Brown adipose tissue inactivation exacerbates alcohol-induced liver steatosis, inflammation, and fibrosis.

Abstract

Alcohol-induced liver fibrosis is a devastating manifestation of alcohol-related liver disease (ALD). However, conventional mouse models fail to recapitulate this fibrotic phenotype, limiting their translational relevance. Mice develop and retain robust brown adipose tissue (BAT) for thermoregulation, which confers protection against hepatic steatosis. Here, we identify BAT as a key protective tissue against alcohol-induced liver fibrosis in mice. BAT was inactivated in mice via denervation or surgically ablated, followed by 8 wk of chronic plus binge alcohol exposure. Both BAT denervation and ablation markedly exacerbated hepatic steatosis, injury, and inflammation compared with sham controls. Remarkably, BAT inactivation or ablation induced robust hepatic stellate cell (HSC) activation and liver fibrosis in both sexes, as evidenced by increased α-smooth muscle actin expression, enhanced Sirius red and Masson's trichrome staining, and elevated hydroxyproline content. These fibrotic changes were absent in sham-operated controls. Mechanistically, BAT-conditioned medium-containing BAT-secreted batokines-induced lipid accumulation, oxidative stress, and cell injury in hepatocyte cultures. Furthermore, batokines directly targeted cultured macrophages and HSCs and suppressed their activities.

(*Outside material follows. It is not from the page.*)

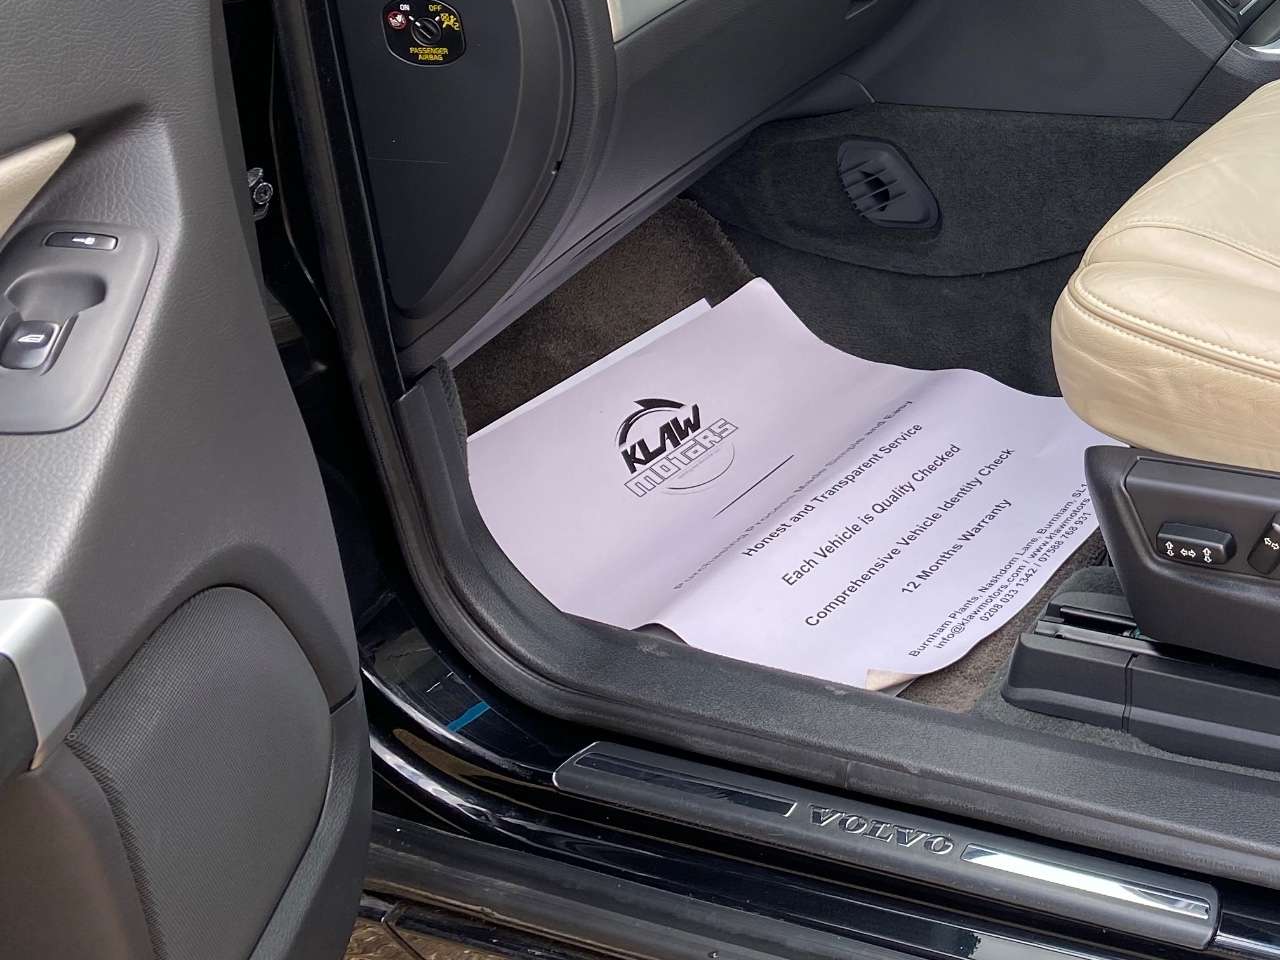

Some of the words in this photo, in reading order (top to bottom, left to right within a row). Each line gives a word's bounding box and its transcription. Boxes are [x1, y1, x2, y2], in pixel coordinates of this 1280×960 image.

Collectively, these results unveil a hepatoprotective role of BAT and batokines in ALD progression and establish a physiologically and translationally relevant mouse model of ALD by combining BAT inactivation with chronic plus binge alcohol exposure.NEW & NOTEWORTHY Brown adipose tissue confers resistance to alcohol-related liver disease through secreting batokines. Inactivation of brown fat exacerbates alcohol-induced liver steatosis, inflammation, and fibrosis.